AIM OF THE TASK. Carry none of the pictures over; write out the complete data exactly.

DATA SHOWN.

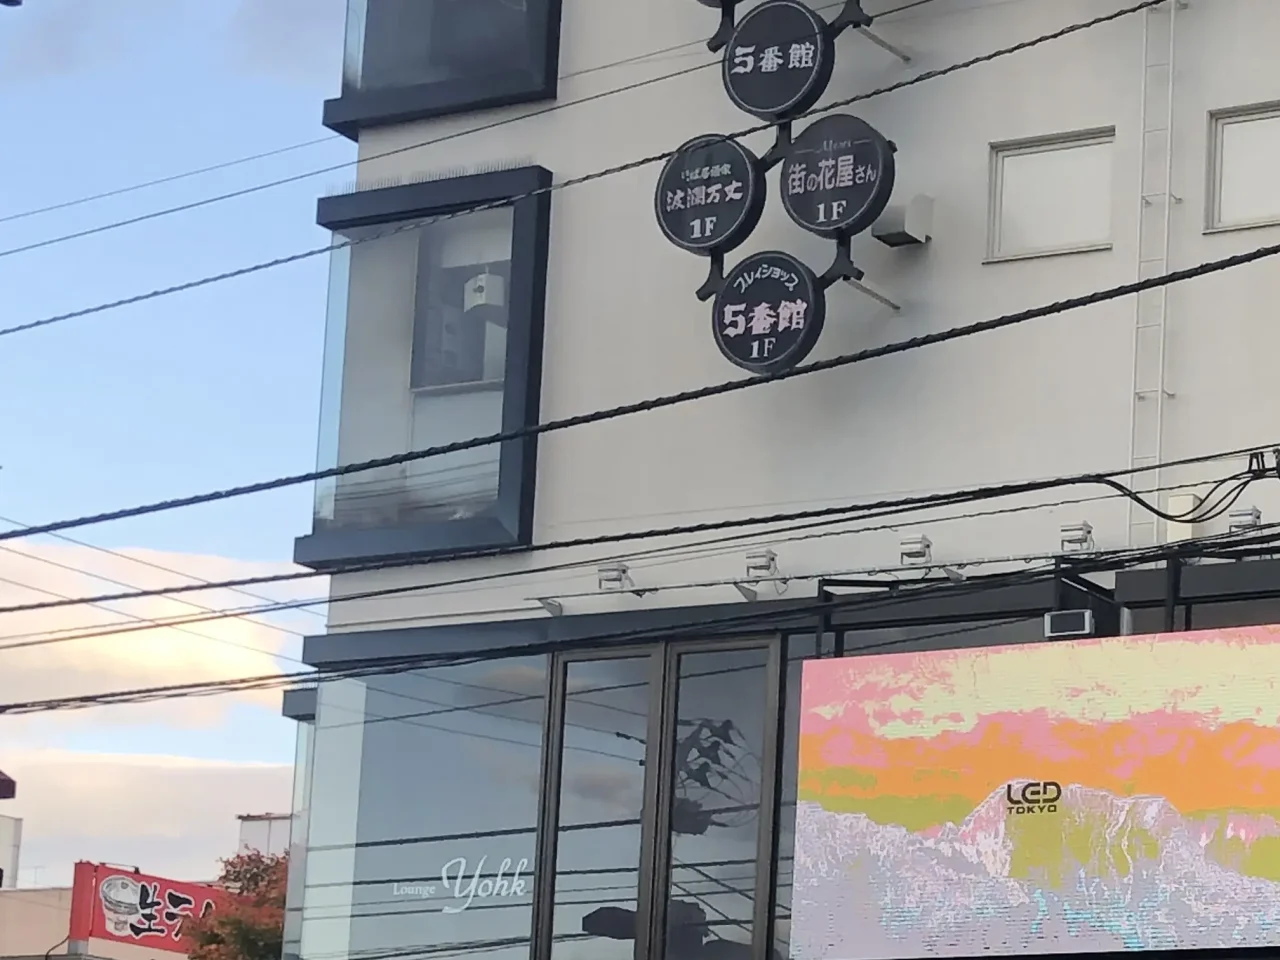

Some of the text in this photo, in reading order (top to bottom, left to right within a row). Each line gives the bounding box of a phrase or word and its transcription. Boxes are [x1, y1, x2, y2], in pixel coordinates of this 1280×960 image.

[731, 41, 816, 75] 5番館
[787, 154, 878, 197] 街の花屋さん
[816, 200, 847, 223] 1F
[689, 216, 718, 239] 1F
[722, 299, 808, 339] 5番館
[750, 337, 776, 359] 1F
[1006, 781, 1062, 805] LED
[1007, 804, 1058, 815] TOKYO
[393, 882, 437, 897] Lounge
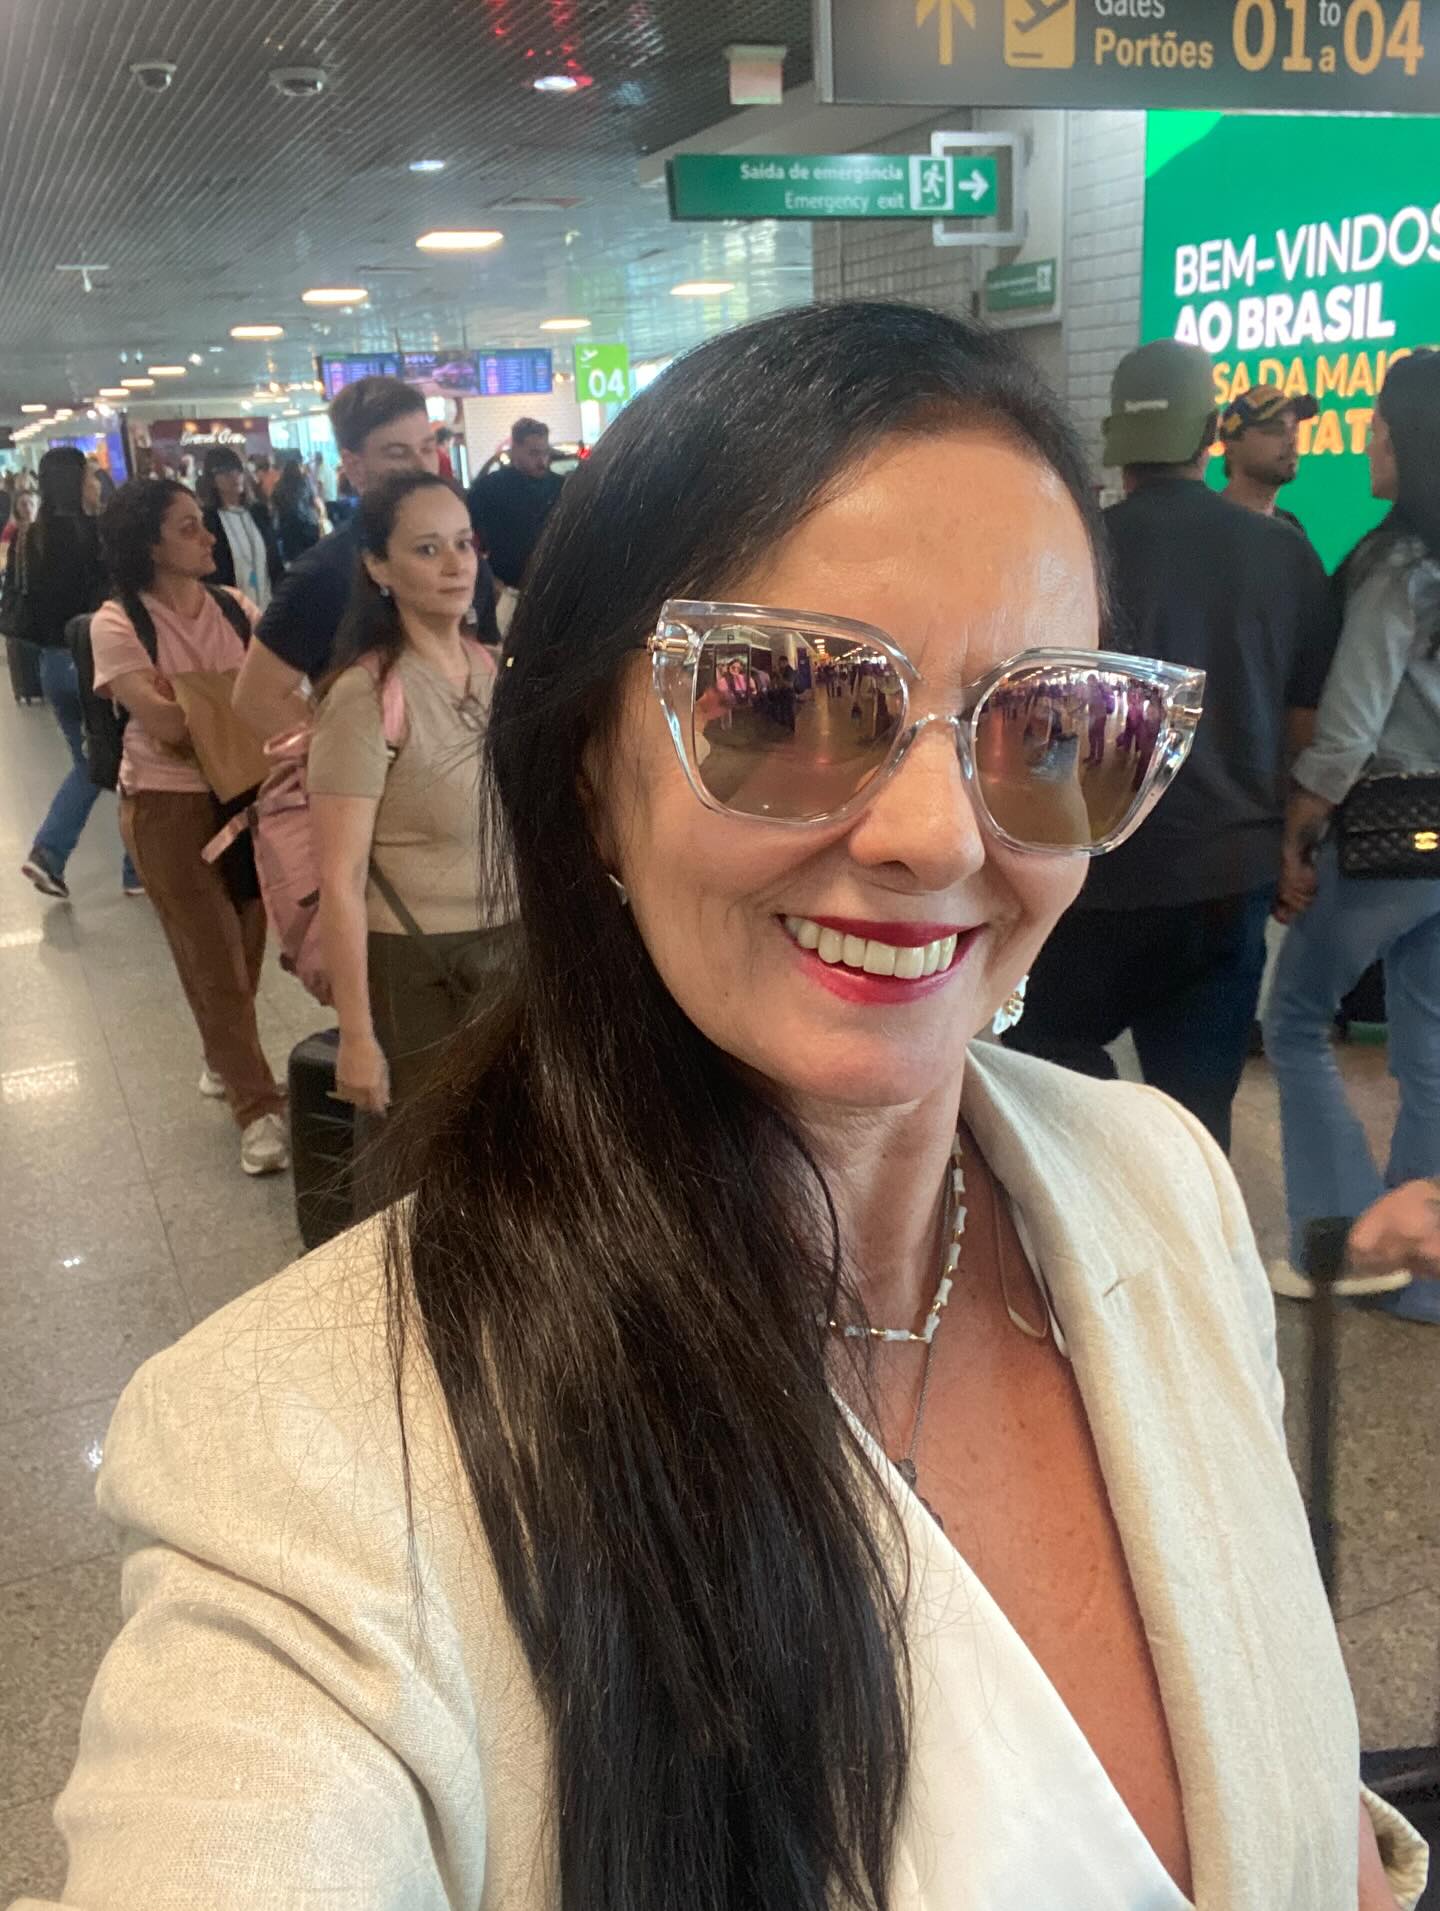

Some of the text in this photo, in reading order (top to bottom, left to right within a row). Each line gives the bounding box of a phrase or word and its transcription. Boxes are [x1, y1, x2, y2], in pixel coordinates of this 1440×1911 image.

EXERCISE OUTPUT.
Some of the text in this photo, in reading order (top to bottom, left to right within a row). Each line gives the bounding box of a phrase or word and its transcription. Boxes are [x1, y1, x2, y2], in pixel coordinates of this 1280×960 image.

[731, 41, 816, 75] 5番館
[787, 154, 878, 197] 街の花屋さん
[816, 200, 847, 223] 1F
[689, 216, 718, 239] 1F
[722, 299, 808, 339] 5番館
[750, 337, 776, 359] 1F
[1006, 781, 1062, 805] LED
[1007, 804, 1058, 815] TOKYO
[393, 882, 437, 897] Lounge

Some of the text in this photo, in reading order (top to bottom, left to right within a row). Each line gives the bounding box of a phrase or word and its transcription. Boxes are [x1, y1, x2, y2], in pixel coordinates of this 1440×1911 image.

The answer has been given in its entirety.